VARIOUS PROCESSES OPERATE on and within Earth to produce the variety of rocks we observe in landscapes. Many common rocks form in stream bottoms, beaches, or other familiar environments on Earth’s surface. Other rocks form in less familiar environments, under high pressure deep within Earth, or at high temperatures associated with a volcano. To understand the different kinds of rock that can form, we explore the types of materials that characterize different modern-day environments.
What Types of Sediments Form in Familiar Surface Environments?
Some types of rock form from the combination of loose materials that were brought together somehow in a location. Think about what you have observed on the ground in places such as lakes, streambeds, and mountainsides — probably mud, sand, and larger rocks. These loose materials are sediment and are formed by the breaking and wearing away of other rocks in the landscape. Although more hidden from us, sediment also occurs beneath the sea.
Glaciers incorporate rock debris into their flowing, icy masses. They carry a wide variety of sediment, from large, angular boulders to fine rock powder. They ultimately deposit the sediment along the edges of the melting ice.
Steep mountain fronts exhibit large, angular rocks that broke away from bedrock and moved downhill under the influence of gravity. Steep mountains may produce landslides and unstable, rocky slopes covered with angular blocks.
Stream channels contain sand and bigger pebbles and cobbles, whereas low areas beside the channel accumulate smaller particles of silt and clay, which were carried farther from the stream channel during floods. Some streams flow into lakes, which have a muddy, clayey bottom, with sand around the lake shore.
In deeper water, the seafloor consists of mud and the remains of swimming and floating creatures that settle to the bottom. Seafloor closer to the land receives a greater contribution of sand and other sediment derived from the land. Streams and wind are especially effective in delivering this sediment from the land to the sea.

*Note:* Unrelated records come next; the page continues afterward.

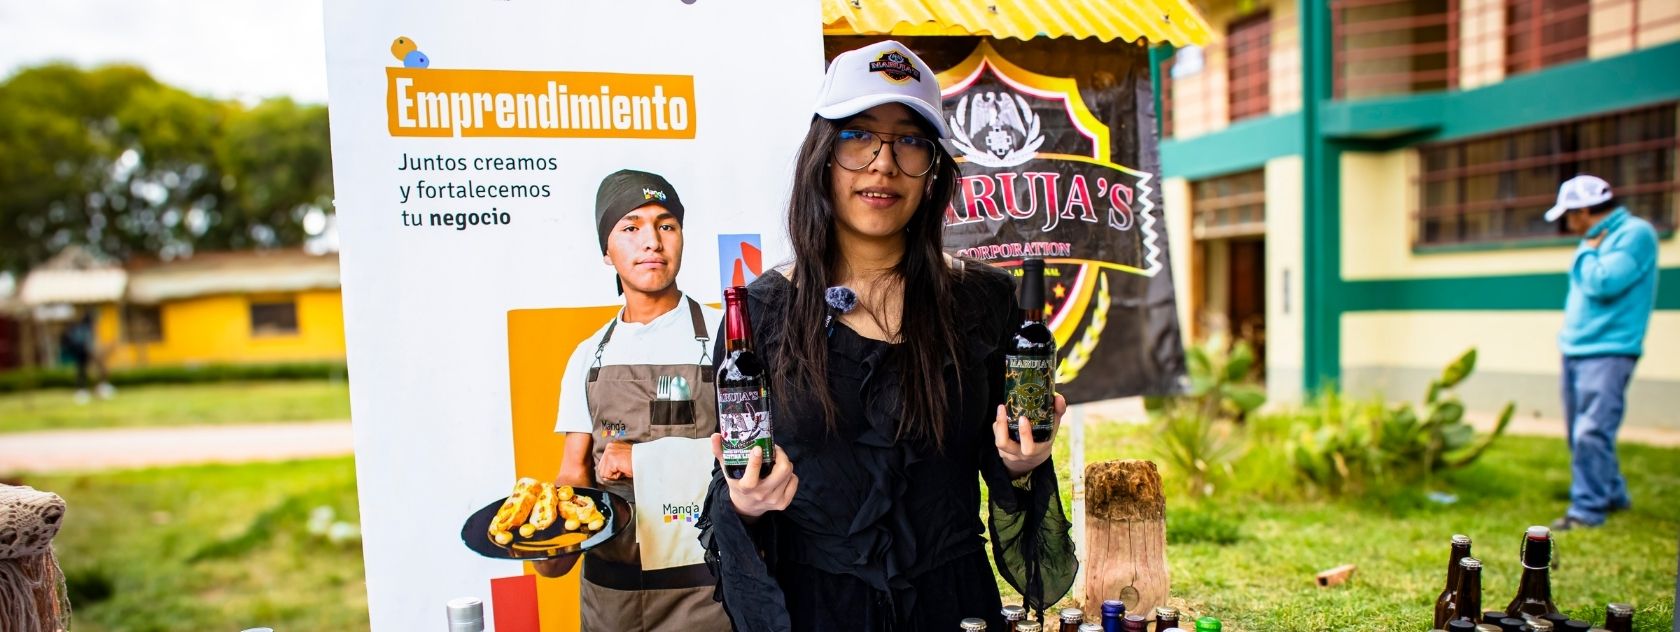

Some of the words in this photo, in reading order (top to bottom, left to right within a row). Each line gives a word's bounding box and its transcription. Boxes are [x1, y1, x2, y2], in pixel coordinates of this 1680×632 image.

[395, 77, 688, 137] Emprendimiento
[398, 153, 467, 171] Juntos
[473, 156, 558, 171] creamos
[399, 185, 411, 204] y
[416, 179, 551, 199] fortalecemos
[945, 172, 1134, 232] RUJA'S
[401, 210, 423, 227] tu
[429, 207, 511, 231] negocio
[601, 420, 626, 432] Manq'a
[662, 502, 700, 516] Manq'a

Beaches typically have waves, sand, broken shells, and rounded, well-worn stones. Some beaches are mostly sand, and others are mostly stones.
Sand dunes are mostly sand, which has been shifted along the ground by wind. They contain sand because sand is too large for wind to move out of the area, and wind blows away smaller particles,
What Types of Rocks Form in Hot or Deep Environments?

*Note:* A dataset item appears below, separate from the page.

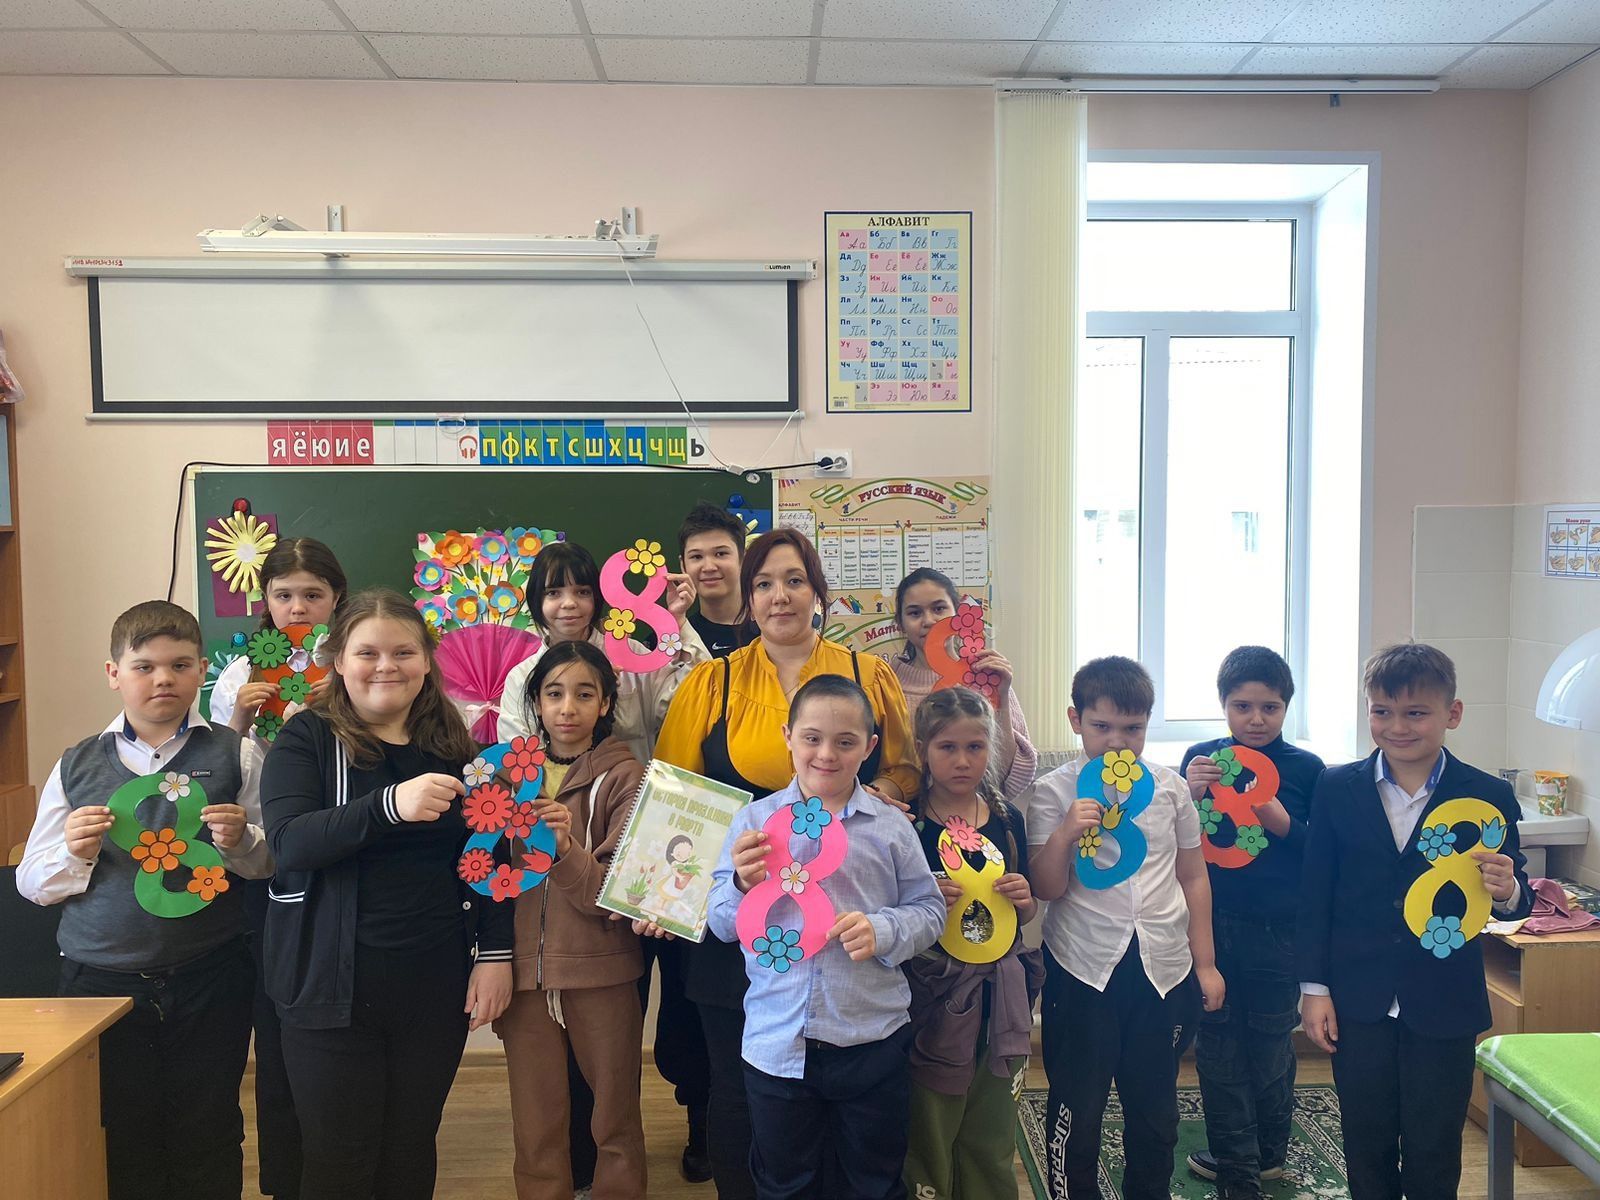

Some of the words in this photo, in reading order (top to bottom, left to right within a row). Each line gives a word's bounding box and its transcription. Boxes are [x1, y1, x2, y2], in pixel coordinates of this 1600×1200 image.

[868, 217, 930, 226] АЛФАВИТ
[858, 483, 913, 503] РУССКИЙ
[914, 486, 947, 505] ЯЗЫК

- In many volcanoes, magma flows onto the surface, creating lava that flows downhill or piles up around a vent.
- Explosive volcanoes erupt volcanic ash, which can fall back to Earth and blanket the terrain or can rapidly and dangerously surge down the flanks of a volcano.

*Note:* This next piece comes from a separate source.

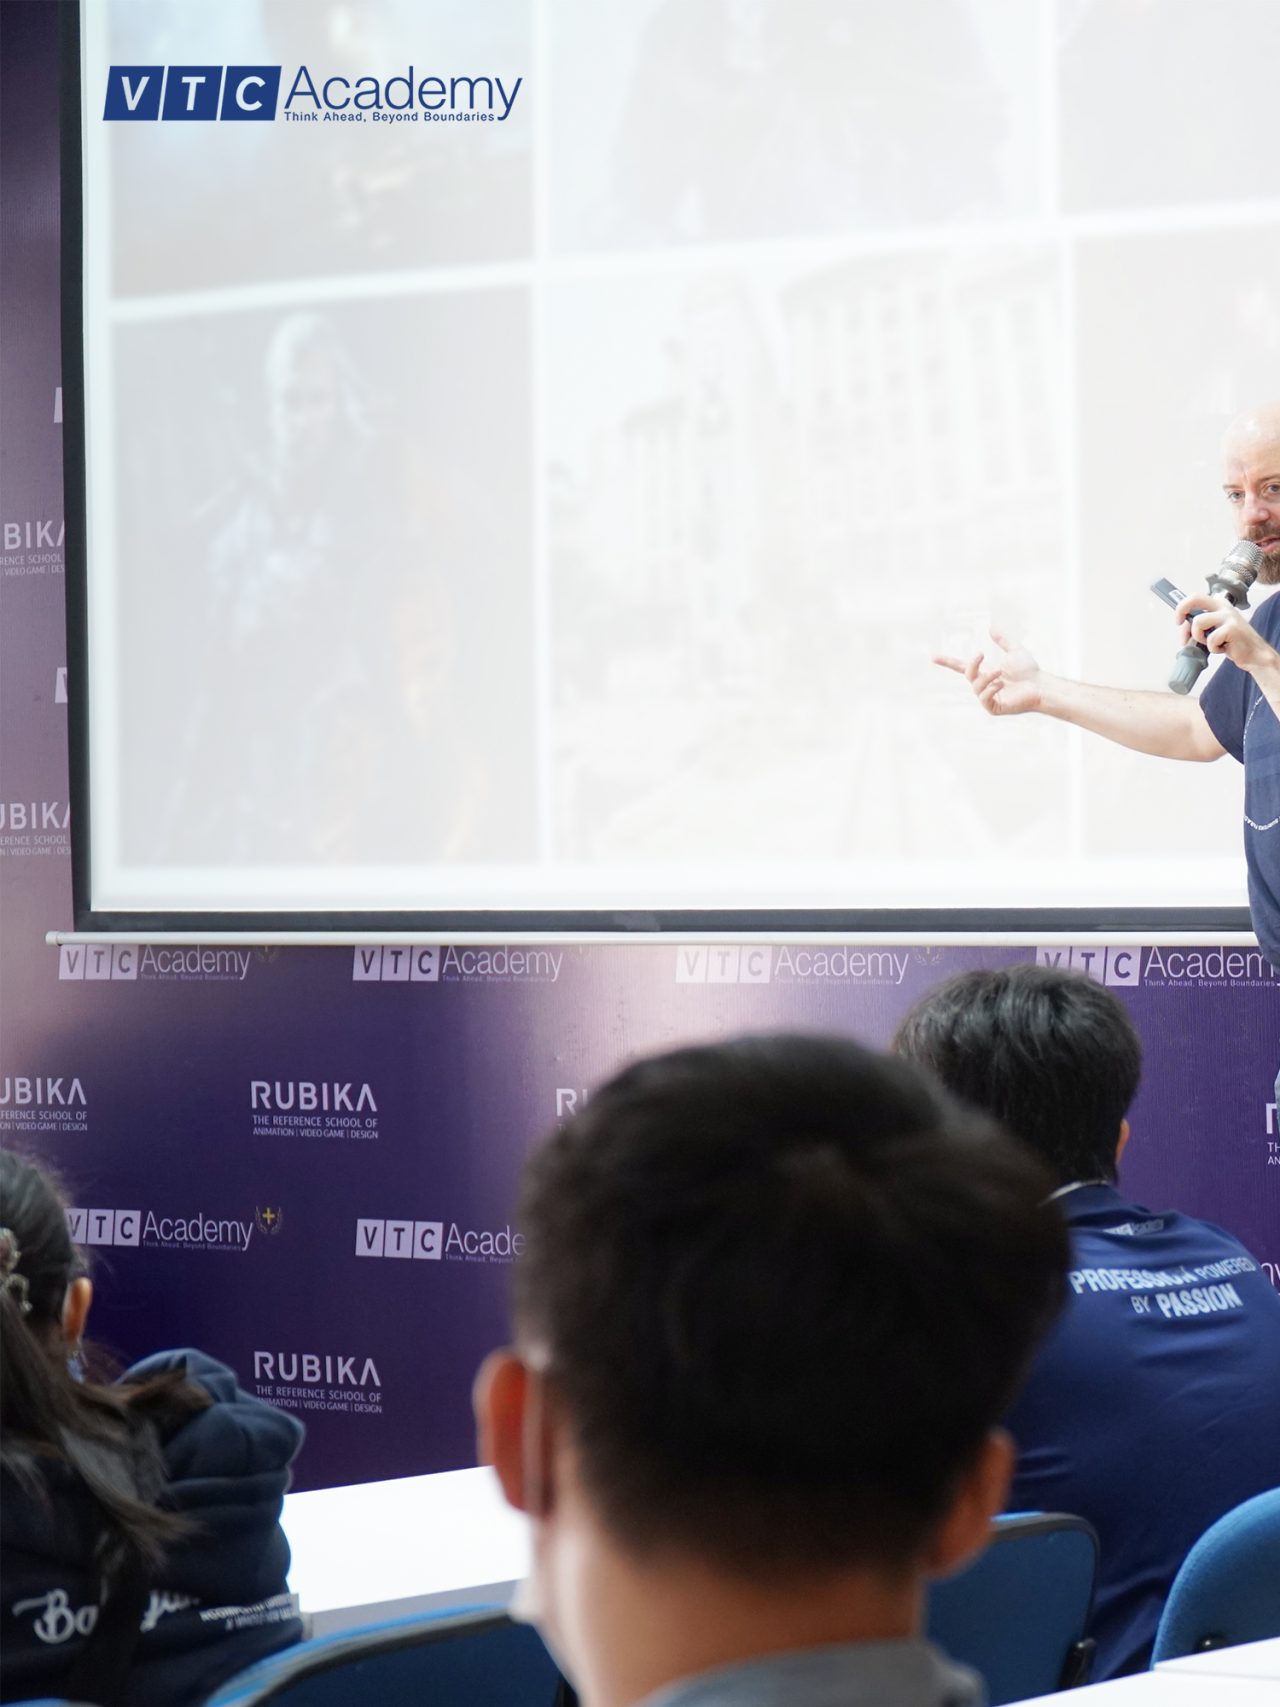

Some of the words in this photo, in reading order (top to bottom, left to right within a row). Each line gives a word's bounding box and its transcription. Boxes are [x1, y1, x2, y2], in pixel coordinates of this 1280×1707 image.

- Magma that does not erupt may cool and solidify in a magma chamber, forming granite or other rocks at depth. Heat from the magma chamber may bake adjacent rocks, changing them into different kinds of rocks.
- Deep within Earth where temperatures and pressures are high, forces can squeeze and deform rocks into new atomic arrangements and into new types of rocks. Under such force, solid rocks slowly flow, shear, and bend. Changing a rock by heat, pressure, or deformation is the process of metamorphism.
- Distinctive rocks form when hot waters cool and grow minerals. This may occur beneath the surface or on the surface in hot springs.
Families of Rocks
The diverse environments shown on these pages produce many different types of rocks that, depending on the classification scheme, are grouped into three or four families. To interpret how rocks form, we observe modern environments and note the dominant types of sediment, lava, or other material. We infer that these same types of materials would have been produced in older, prehistoric versions of that environment. By doing this, we use modern examples to interpret ancient rocks and to understand how they formed. In this way, the present is the key to the past.
Sedimentary rocks form on Earth’s surface, mostly from loose sediment that is deposited by moving water, air, or ice. If loose sediment is buried, it can become consolidated into hard rock over time. Other types of sedimentary rocks form by growing minerals from water or by coral and other organisms that extract material directly from water. Rocks formed from cooled and solidified magma are igneous rocks. These form when volcanoes erupt ash and lava or when molten rock crystallizes in magma chambers at depth.
Rocks changed by temperatures, pressures, or deformation are metamorphic rocks. Metamorphism can change sedimentary or igneous rocks, or even further modify preexisting metamorphic rocks. Finally, some rocks grow directly from hot water, and these are commonly considered to be a type of metamorphic rock because they result from fluids at high temperatures.